The purpose of this study is to assess the bioequivalence between two new oral nicotine replacement therapy products and Nicorette® microtab.

Detailed Description

The trial has a single-dose, randomized, crossover design and includes 84 subjects. The investigational products will be given as single doses at separate treatment visits. Periods without Nicotine Replacement Therapy (NRT), lasting for at least 36 hours, will separate treatment visits.
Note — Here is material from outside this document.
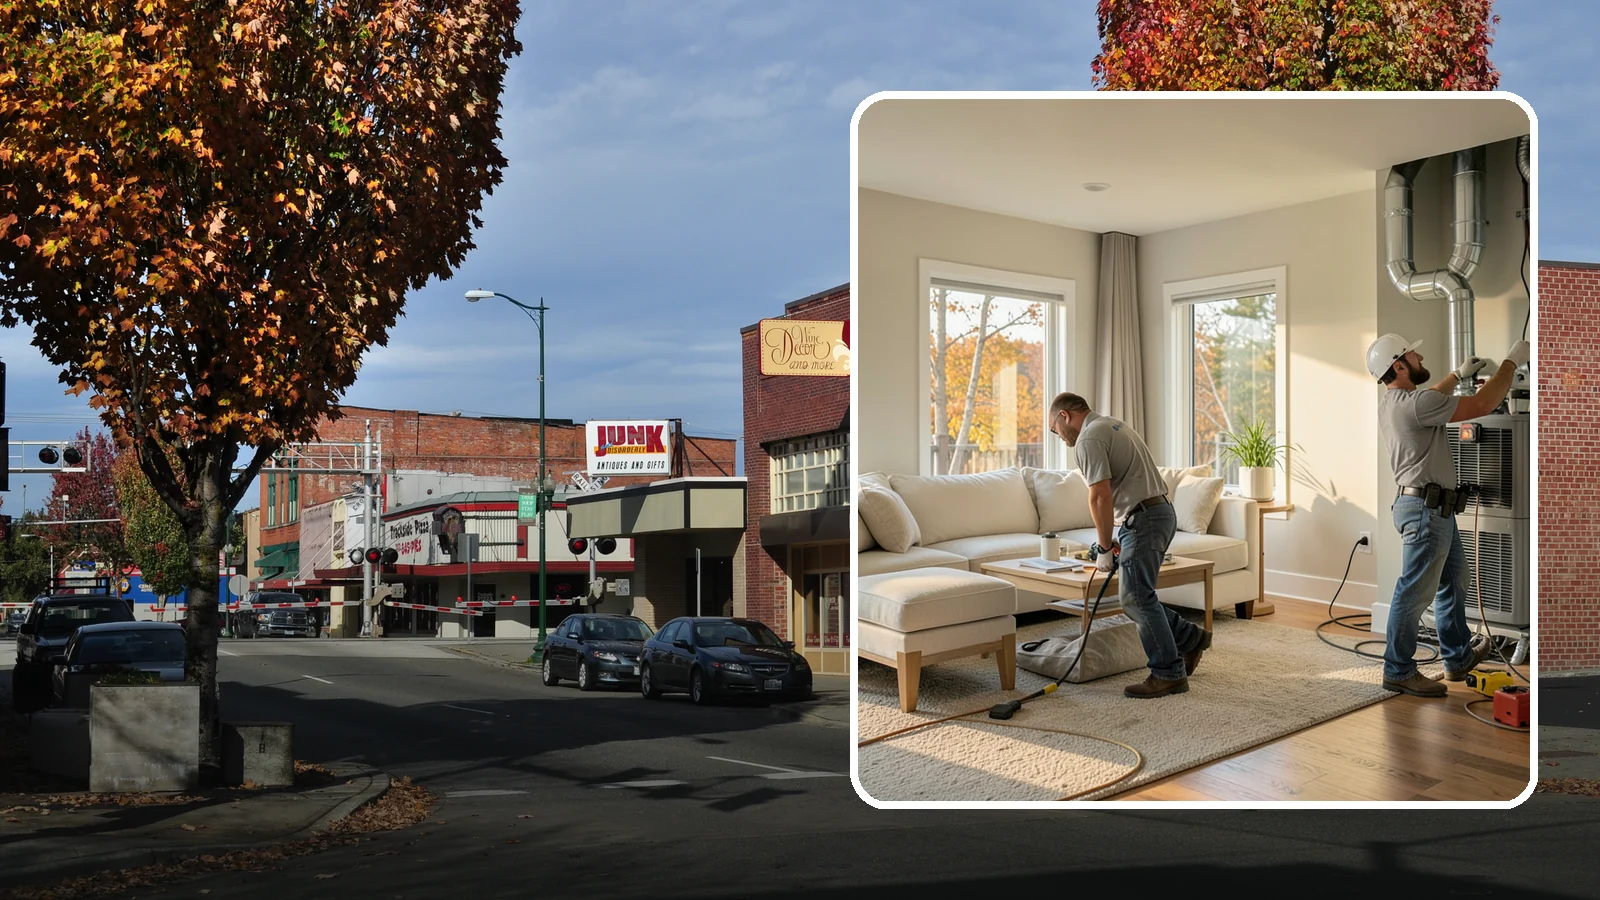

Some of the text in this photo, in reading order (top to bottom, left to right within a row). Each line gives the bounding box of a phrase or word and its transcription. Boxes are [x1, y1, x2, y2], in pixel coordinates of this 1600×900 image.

At each treatment visit, blood for pharmacokinetic analyses will be sampled immediately before, and at 5, 10, 15, 20, 30, and 45 minutes, as well as at 1, 1.25, 1.5, 2, 3, 4, 6, 8, and 10 hours after start of product administration. The time until complete tablet dissolution will be recorded. Subjects will also be monitored to capture any adverse events that may occur. Treatment labels will be concealed from subjects and study personnel.

Study Timeline

• Study Start: 2008-08
• Primary Completion: 2008-11
• Study Completion: 2008-11
• Study First Submitted: 2010-11-09
• Study First Submitted QC: 2010-11-09
• Study First Posted: 2010-11-10
• Results First Submitted: 2011-03-11
• Results First Submitted QC: 2011-03-11
• Results First Posted: 2011-04-08
• Status Verified: 2012-07
• Last Update Submitted: 2012-07-06
• Last Update Posted: 2012-07-13

Recruitment & Eligibility

• Status: COMPLETED
• Sex: All
• Target Recruitment: 84

Inclusion Criteria

• Healthy subjects, smoking at least 10 cigarettes daily during at least one year preceding inclusion and BMI between 17.5 and 30.0 kg/m2.
• Female participants of child-bearing potential are required to use a medically acceptable means of birth control.
• A personally signed and dated informed consent document, indicating that the subject has been informed of all pertinent aspects of the study.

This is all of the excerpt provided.